Le premier volet est inimitable. C’est réellement un film d’horreur au sens propre du terme. William Friedkin nous emmène sur la piste d’un ancien démon mésopotamien qui prend possession d’une jeune fille dans la banlieue de Washington. Dans ce film Max von Sidow et son acolyte Jason Miller questionnent leur foi suite à leur rencontre avec le mal et cette œuvre donne naissance au genre des films de possession. Friedkin est donc à l’origine de tous les plans plus cultes les uns que les autres comme quand la fille possédée s’élève dans les airs au-dessus de son lit, quand elle descend les escaliers à l’envers ou qu’elle parle à l’envers. C’est du jamais vu et c’est complètement terrifiant en 1973. Le premier volet est donc un film culte et classique dans le genre de la possession. 

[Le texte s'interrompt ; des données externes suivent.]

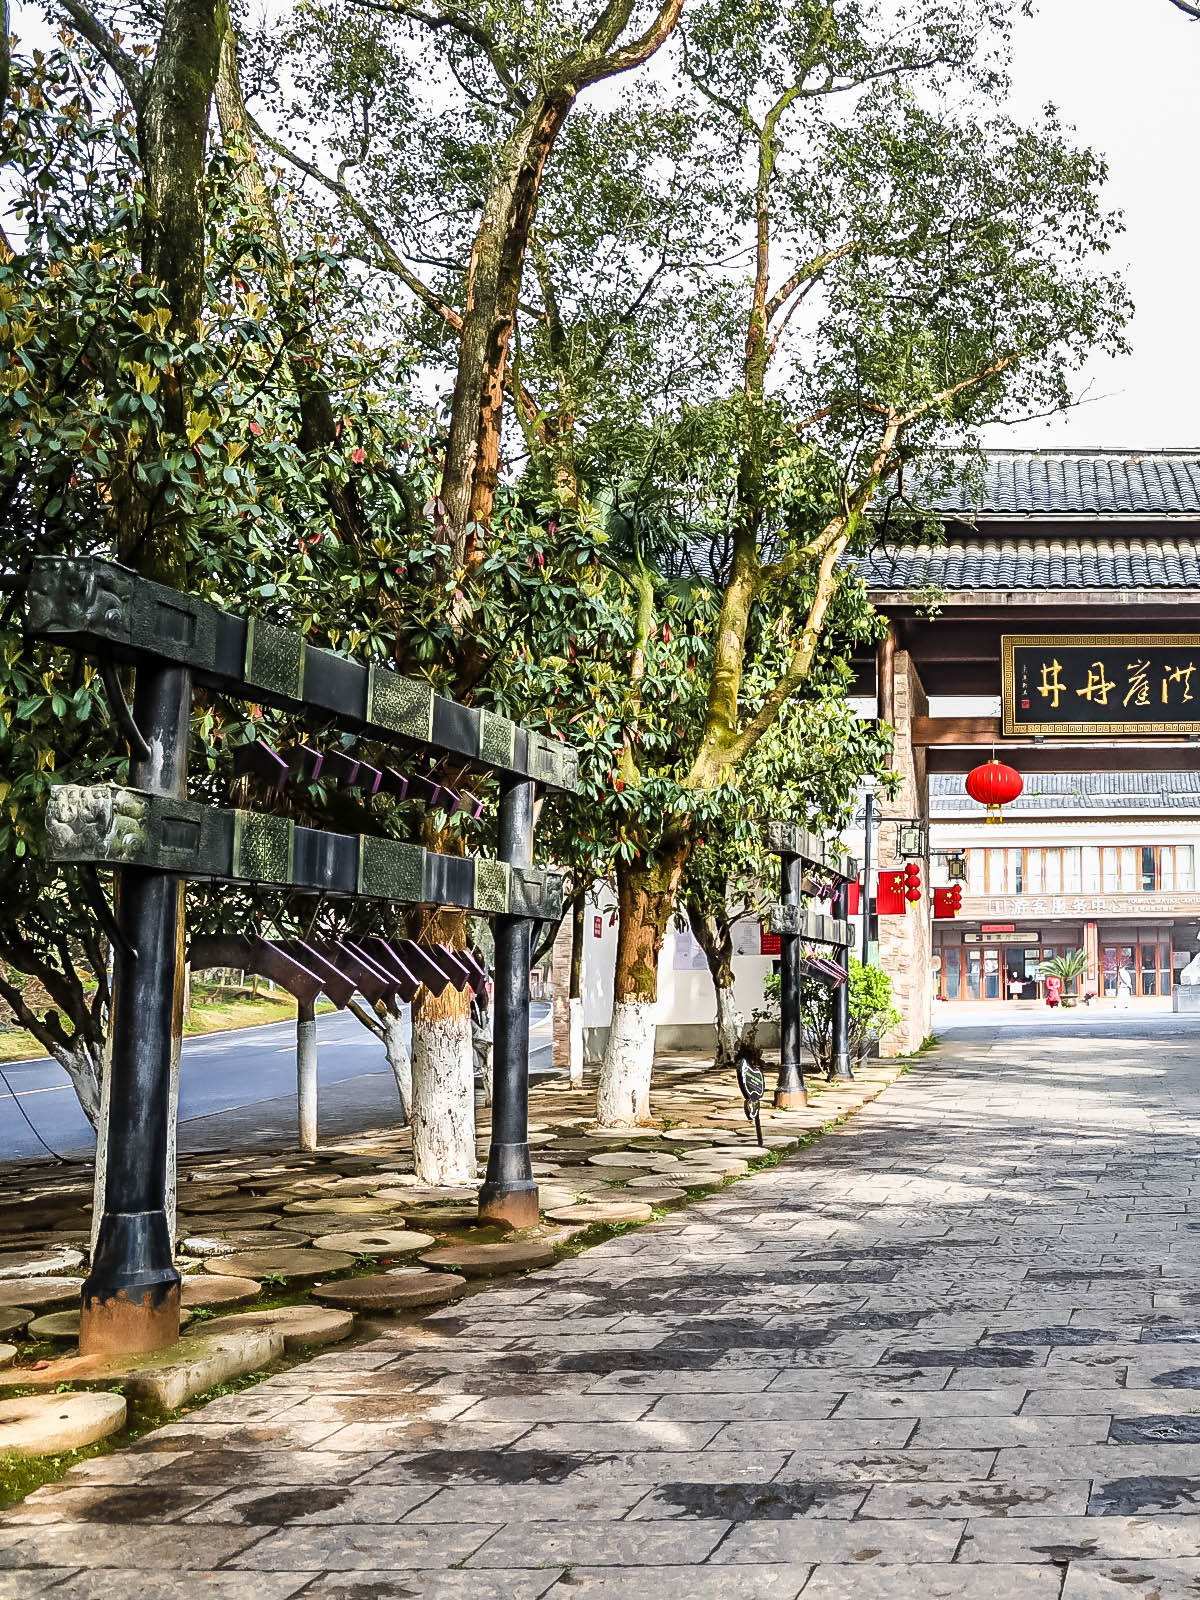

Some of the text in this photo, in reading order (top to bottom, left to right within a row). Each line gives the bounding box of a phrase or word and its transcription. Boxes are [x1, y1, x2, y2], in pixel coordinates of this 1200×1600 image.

[1010, 898, 1123, 915] 游客服务中心

Le deuxième volet est un film mystique. Suite directe du I, Richard Burton est un prêtre envoyé pour enquêter sur les évènements passés et suivre la jeune fille et son évolution. Bientôt obsédé par le démon Pazuzu, il s’obstine à suivre sa trace jusqu’en Ethiopie afin de comprendre ce mal et d’essayer de guérir une bonne fois pour toute la jeune fille. Réalisé par John Boorman, ce film parfois très contemplatif donne naissance à de folles images presque bibliques. Je pense notamment aux plans censés se passer en Ethiopie où des hordes d’insectes ravagent des cultures sous un soleil crépusculaire alors qu’un jeune Ethiopien muni d’une fronde affronte le nuage de bêtes. Dans ce long métrage, les scènes d’épouvante troquent leur place contre des effets visuels très recherchés et une quête mystique pour découvrir les racines du mal. L’iconique musique de l’exorciste est également remplacée par la virtuosité d’Ennio Morricone. Tout cela fait que le volet est à voir, car il explore des pistes autres que celles du précédent et il génère chez le spectateur des émotions très différentes.

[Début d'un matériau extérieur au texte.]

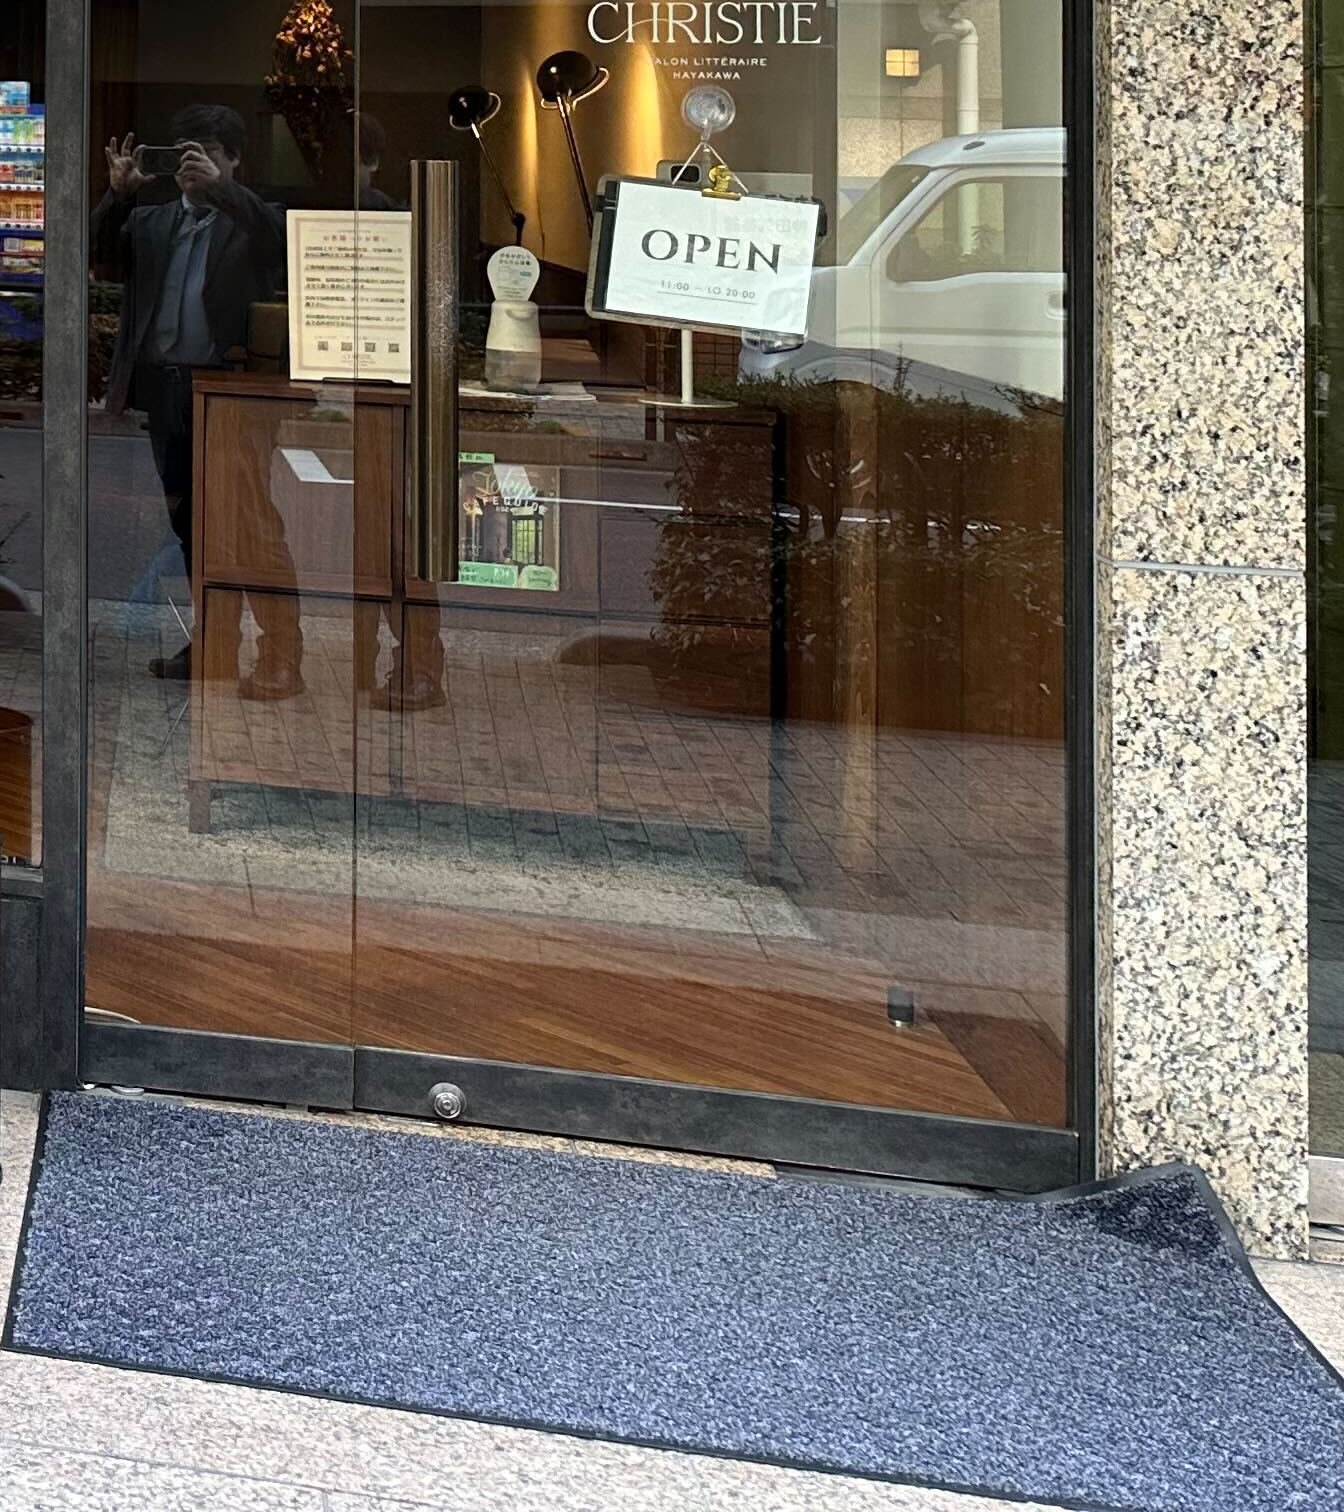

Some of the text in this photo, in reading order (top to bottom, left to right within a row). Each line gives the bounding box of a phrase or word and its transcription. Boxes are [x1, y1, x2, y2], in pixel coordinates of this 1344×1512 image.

[587, 1, 822, 44] CHRISTIE
[647, 57, 690, 67] ALON
[672, 71, 741, 80] HAYAKAWA
[641, 229, 783, 275] OPEN

Le troisième volet a plus à voir avec les films policiers que les films d’horreur. Georges C. Scott joue un vieux commissaire de police qui enquête sur une série de meurtres ignobles ayant eu lieu dans sa ville. Son enquête le mène dans un asile psychiatrique dans lequel la majorité de l’action va avoir lieu. Ce film est encore très différent des deux précédents. Mettant avant tout l’accent sur les dialogues et la performance des acteurs, il arrive parfois à nous glacer le sang grâce aux immenses prestations de Brad Dourif, Jason Miller et Georges C. Scott. Ici le long métrage alterne entre films noir et films d’angoisse car certaines scènes amènent des screamers (qui ont certes un peu vieillis) et des effets plus classiques des films de possession. A cela il faut ajouter une ambiance assez poisseuse qui règne sur le film, ambiance qui n’est pas sans rappeler certains films des années 1980 comme Angel Heart : une sorte de bourdonnement aigu retentit dans nos oreilles lorsque l’on visionne certaines scènes, on sent le cœur des acteurs battre de plus en plus rapidement et on s’attend à voir une mare de sang se déverser au ralenti…

Vous l’aurez compris, chaque partie de cette trilogie recèle d’aspects passionnants et propres à elle-même. Entre un film fondateur et traitant purement de possession et d’horreur, un film mystique à la recherche de la lutte contre le mal ou encore un film policier nous glaçant le sang par son univers des plus sombres, chaque volet de cette trilogie offre quelque chose de nouveau, une nouvelle approche intéressante face aux problématiques qui globalement restent similaires. Chaque film nous fait ressentir quelque chose de différent et constitue donc une expérience de visionnage différente. Même si le premier reste le meilleur car il jouit du statut de film fondateur, il ne faut pas dénigrer les deux autres et il faut rester ouvert à ce qu’ils offrent comme suites tout à fait légitimes.